Wigidy Gets Shot Down

This is one of my less humorous stories but it’ll have to do because this one won’t get me expelled from high school.

I’ve been shot down many a time and it is something that I’m all too familiar with. Most of the time is just a simple “no” or a “fuck off” or she gives me a fakey but this time was different. This broad told me a story that would make a homeless man begging for money proud. And this is how is went:

I’m at a swim meet and am walking around doing nothing in particular but looking good when I spot my former teammate “Liken.” Liken and I start chatting it up about nothing in particular and we get to his team bench I notice an amazingly hot girl.

“Who’s that?” I ask.
Liken: “Maria Cruz. She’s Max’s older sister.”
Me: “Wanna introduce me?”
Liken: “You won’t get anywhere.”
Me (the constant optimist): “So what?”
Liken: “Well ok then.”

So Liken does a good ex-teammate should and introduces me. During the middle of our introductions, another former teammate “Shanay-nay” comes up and introduces himself as well. This isn’t good for Wixom being associated with; competition and Shanay-nay is a pretty obnoxious SOB. I’m sure I’ll make fun of him later on this site but for now, on with the story. After the formalities of introductions, the conversation went something like this:

Shanay-nay tells an uninteresting, gay ass story that would get him a beat down if I didn’t know him.

Me: “Wow that was embarrassing. Your speaking privileges have been revoked.”
Shanay-nay: “Well then let here one of your stories.”
Me: “Well okay.”

I proceed to tell the Wheelchair-Escalator Story (coming soon), much to the amusement of the group, fallowed by the Speedo Thong Story (also coming soon). By this point everyone is laughing to the point of tears. Well, Maria decides to go to the bathroom. We sit around and bullshit some more till she comes back. Upon her return, I realize I must swim soon so I make my move.

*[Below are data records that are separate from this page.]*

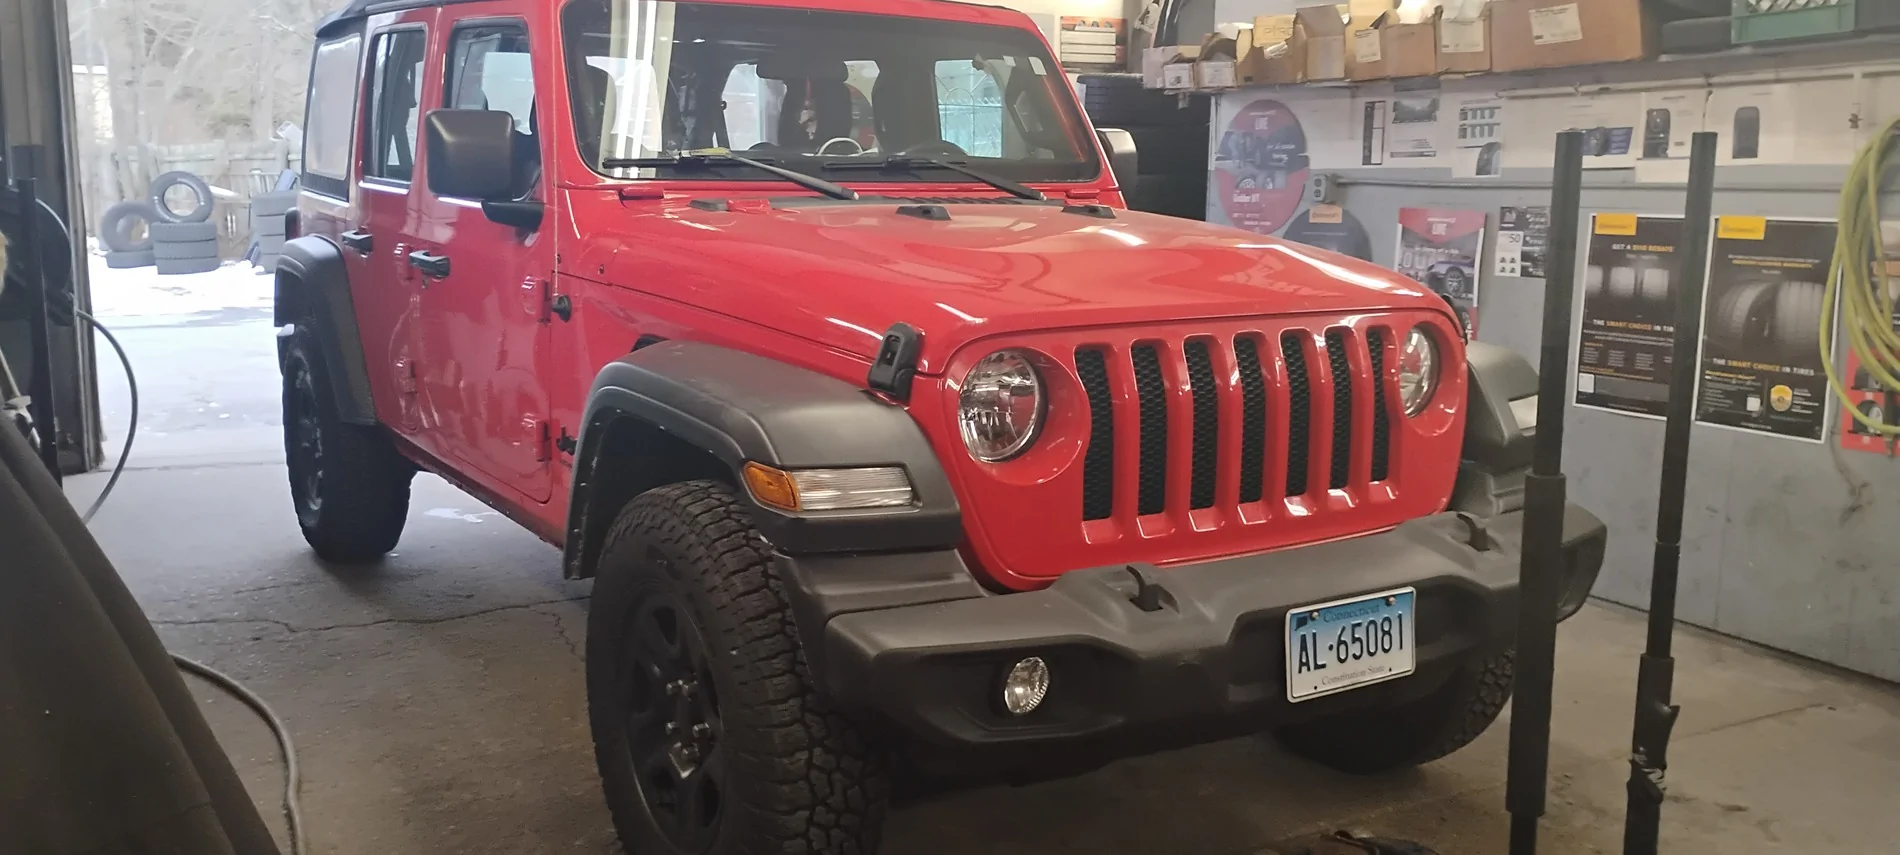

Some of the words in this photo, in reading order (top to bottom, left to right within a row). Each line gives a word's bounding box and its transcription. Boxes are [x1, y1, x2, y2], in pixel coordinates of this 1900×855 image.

[1628, 322, 1652, 330] CHOICE
[1712, 358, 1725, 366] THE
[1727, 360, 1751, 368] SMART
[1753, 362, 1780, 372] CHOICE
[1792, 367, 1815, 376] TIRES
[1323, 604, 1381, 623] Connecticut
[1368, 664, 1385, 676] State
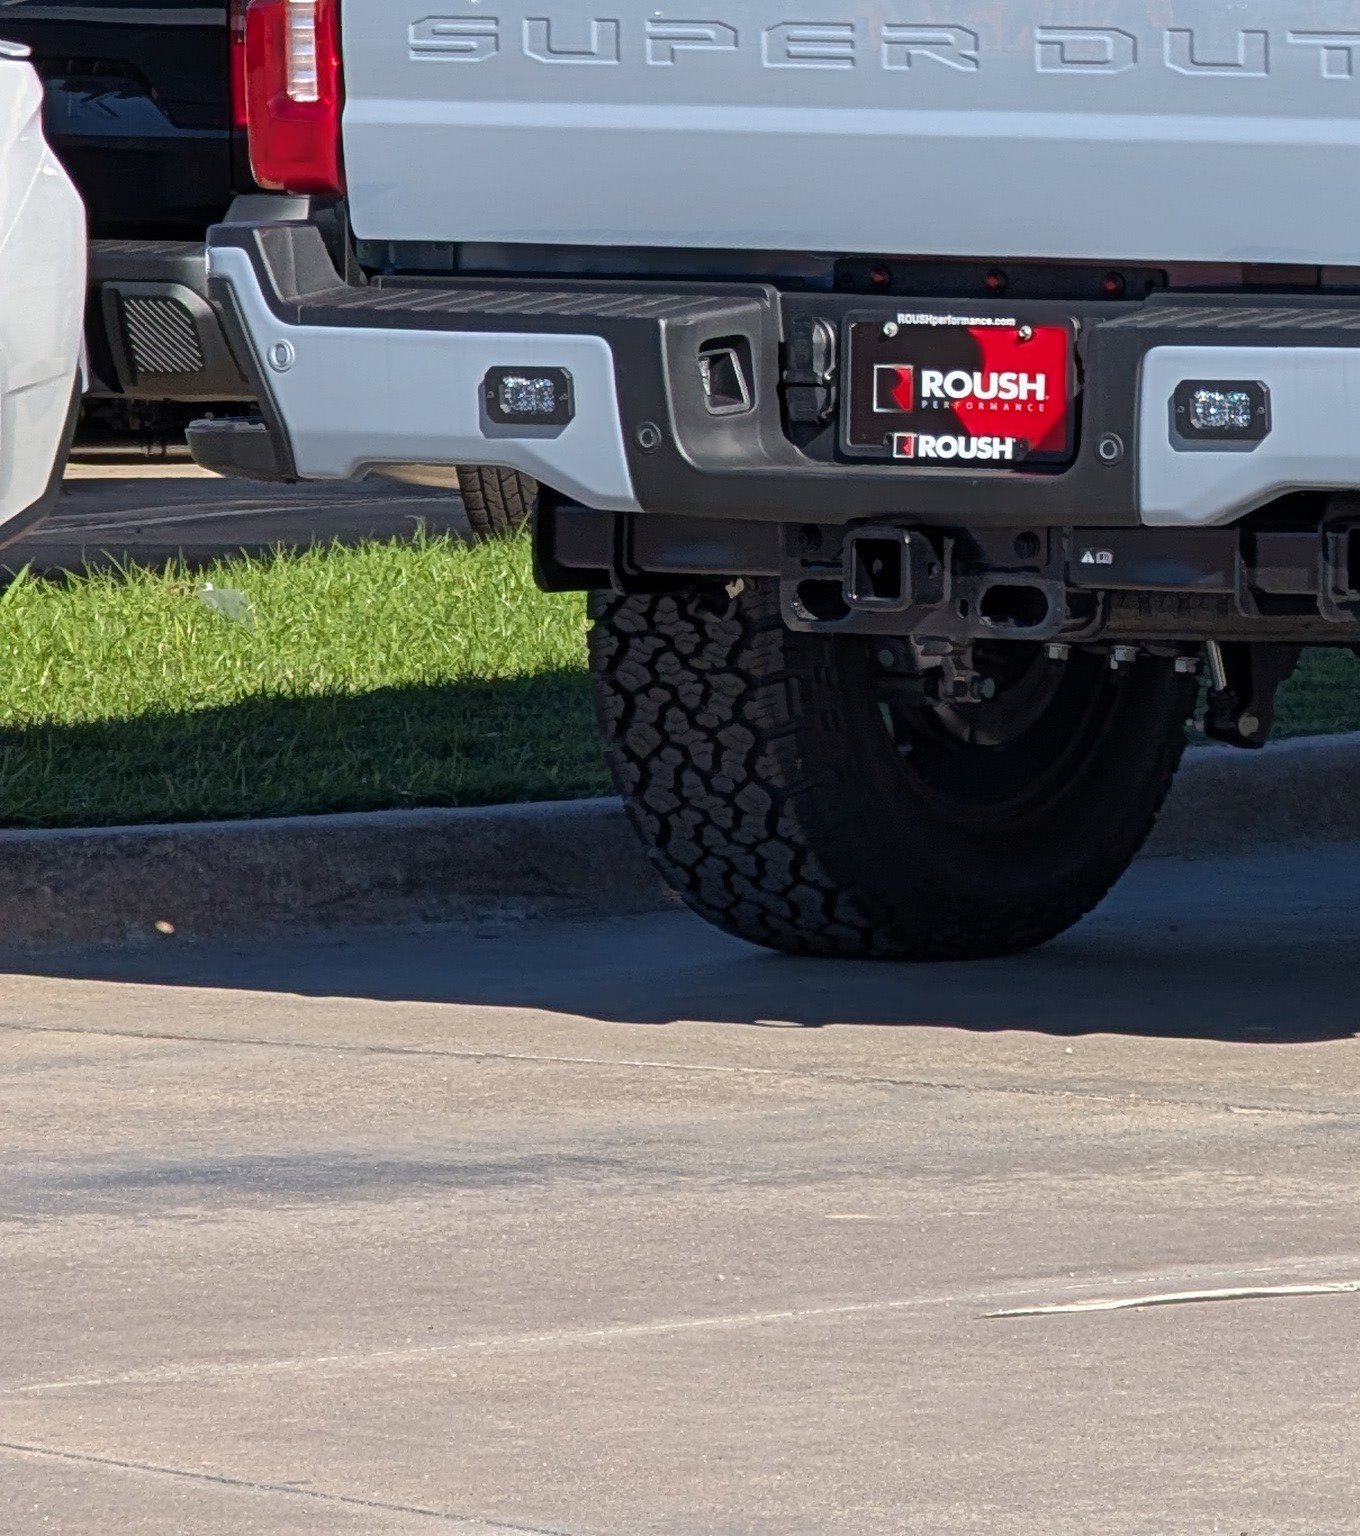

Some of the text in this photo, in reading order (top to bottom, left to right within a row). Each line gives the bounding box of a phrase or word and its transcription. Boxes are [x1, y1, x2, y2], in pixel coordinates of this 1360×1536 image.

[408, 14, 980, 73] SUPER
[897, 312, 1016, 327] ROUSHperformance.com
[920, 369, 1047, 401] ROUSH
[920, 399, 1045, 413] PERFORMANCE
[918, 434, 1014, 460] ROUSH
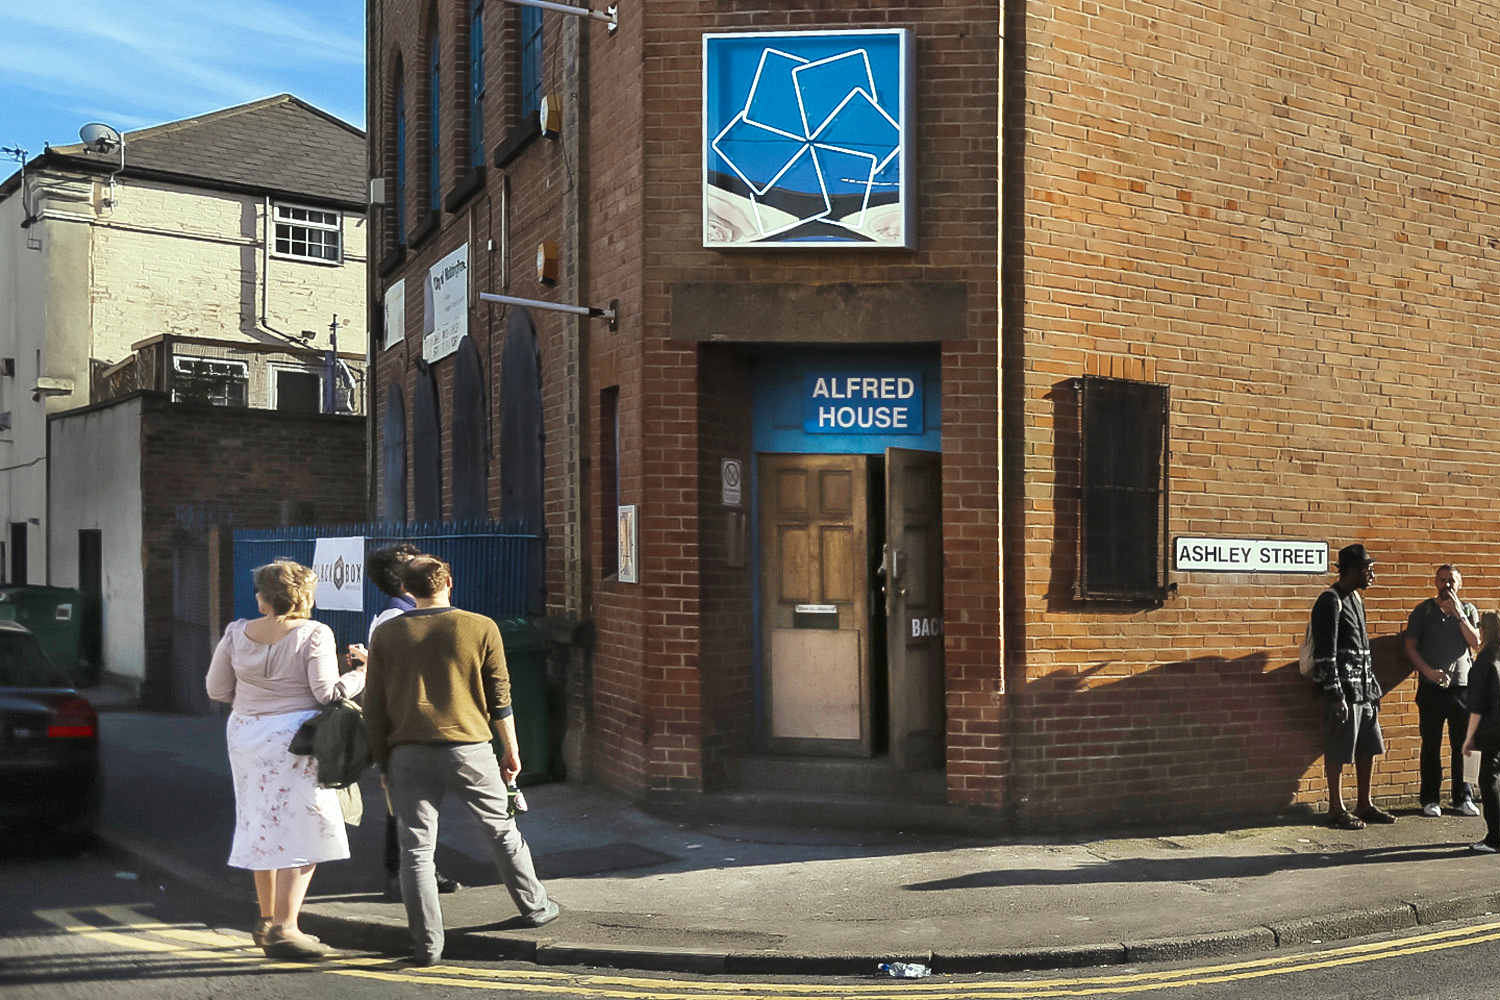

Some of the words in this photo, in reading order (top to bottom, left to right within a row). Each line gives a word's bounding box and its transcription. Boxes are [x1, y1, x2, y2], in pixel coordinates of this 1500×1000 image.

[812, 377, 915, 399] ALFRED
[818, 406, 908, 428] HOUSE
[1179, 545, 1252, 563] ASHLEY
[1259, 547, 1326, 565] STREET
[345, 563, 362, 583] BOX
[911, 618, 945, 637] BAC
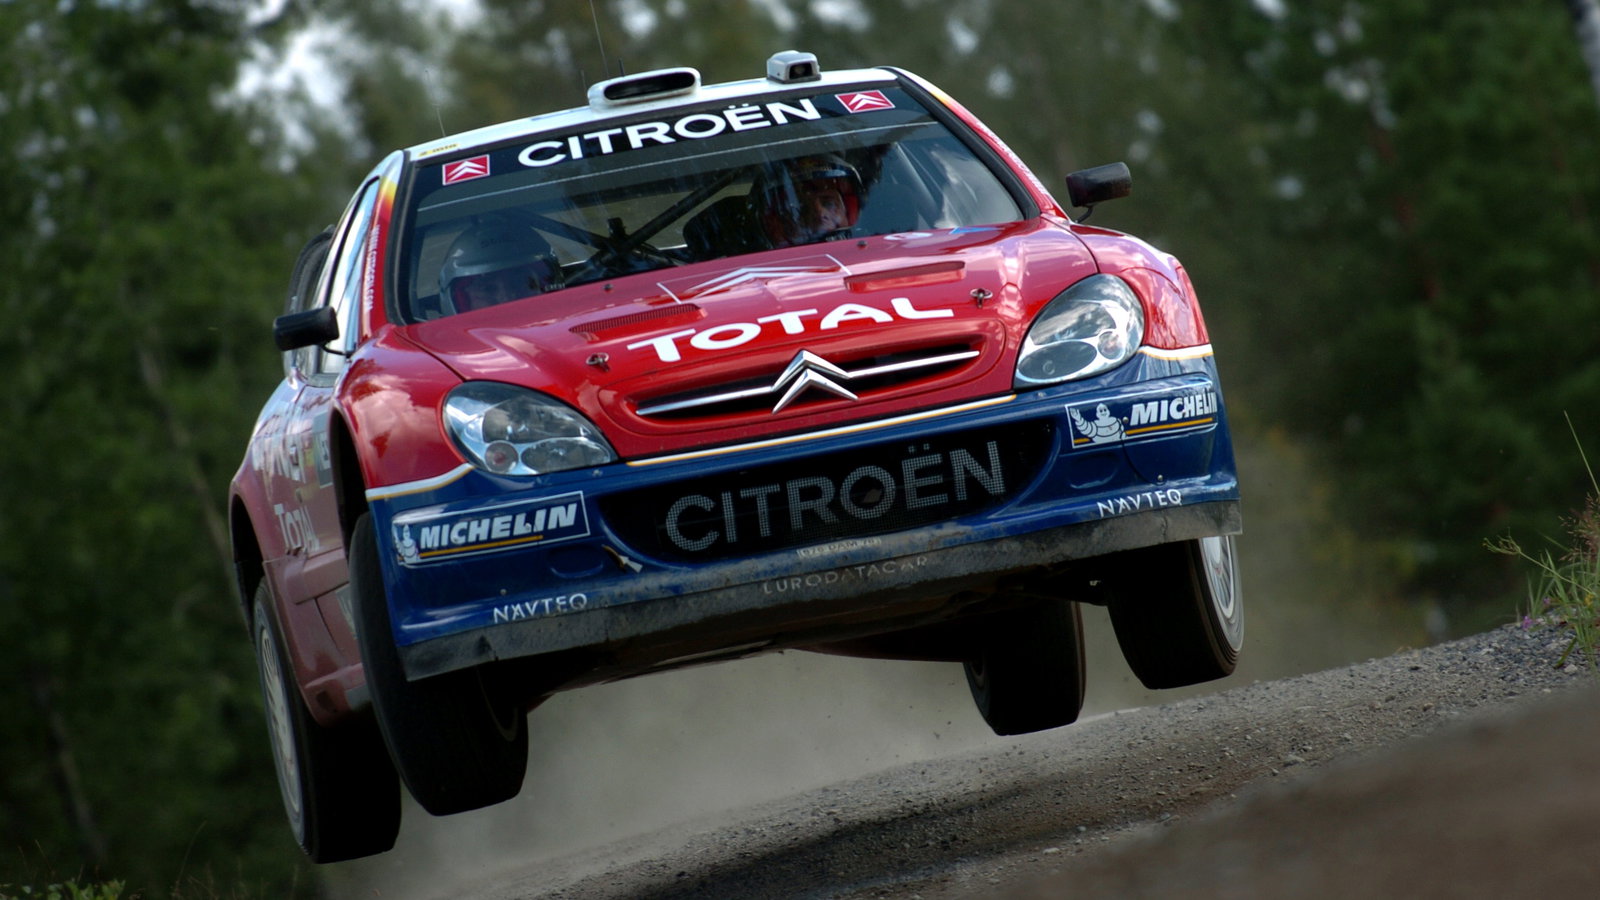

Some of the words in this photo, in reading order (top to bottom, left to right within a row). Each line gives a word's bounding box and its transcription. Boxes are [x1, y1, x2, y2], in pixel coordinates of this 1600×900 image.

[518, 98, 822, 168] CITROËN
[626, 296, 955, 363] TOTAL
[1129, 391, 1218, 426] MICHELIN
[665, 440, 1006, 552] CITROËN
[1096, 488, 1183, 518] NAVTEQ
[420, 502, 578, 550] MICHELIN
[492, 592, 588, 624] NAVTEQ

Me: “Well I got to go swim soon and since you’ve heard quite a few Wigidy Wack Daddy stories, I was wondering if I could hear some Maria Cruz stories.”
Shanay-nay: “I heard one about how you came home with your shirt off. Let’s hear that one.”
Maria gives us a blank stare.
Me: “Maybe I could get your number and we could conversate sometime.”
The response she gave me is what warranted a webpage.
Maria: “Well see I can’t. I mean I would but I’m grounded, like forever.”
Me (confused): “What? What’d you do? You can’t talk on the phone anymore?”
Maria: “Well no. See well, every weekend I would go out and go to parties and hangout and stuff. But I never told my parents where I was going. I always told them that I was going bowling.”
Me (at this point her story is sounding believable to me): “…So you got caught. How?”
Maria: “Well see this one time I got really trashed and I lost my shirt (presumablely after sex). And one of my friends drove me home that night without my shirt.”
(At this point it think she just needs better friends; I mean seriously, who let their friends go home shirtless)
Maria: “So my parents woke up when I walked it. They saw me there with no shirt and wreaking of alcohol and said, ‘What the fuck?’”
(At this point, my B.S. detector starts going off.)
Me (wanted to hear how long I could keep her going: “I bet they were pissed.”
Maria: “They were. So I was standing there shit house drunk and they were just staring. Then my dad exploded. He was yelling at the top of his lungs for a solid 15 minutes straight. By the end I was crying my eyes out.”
(Like an asshole, I laugh when I here this.)
Maria: “So after that I went to bed. The next morning I woke up and they told me I was grounded.”
Me: “Understandable. How long?”
Maria: “Well, see, a real long time. Till like May 2006. They were real pissed.”
(At this point I start laughing uncontrollably; my B.S. detector just got overloaded. I laugh for a solid 20-30 seconds. She gives me a dirty look.)
Maria (agitated): “What’s so funny?”
Me (now I’m just going to see how long I can keep her story up): “Nothing really. So, why can’t you give me your number?”
Maria: “Well, when I got grounded, they took my cell phone and read all my text messages. They had stuff about parties and drinking and stuff. So, they took it away, so I don’t have a phone.”
Me (I’m having too much fun at this point.): “What about your house? I’m sure I could call and pretended to be your cousin or something.”
Maria: “Well, see, umm (this looks real good when your telling a story), they won’t even let me answer the phone anymore.”
Me (I want to see how long I can keep this going): “Don’t you have a job or something where I could call you?”
Maria: “Well, see, yeah I did but they made me quit.”
Me: “I got to go to the bathroom right quick.”

I walk away laughing uncontrollably once out of earshot.

Just to show me up, a couple of days later, my friend Aussie got her number and got some action.

32,671 homeless men are jealous they can’t tell a story this good.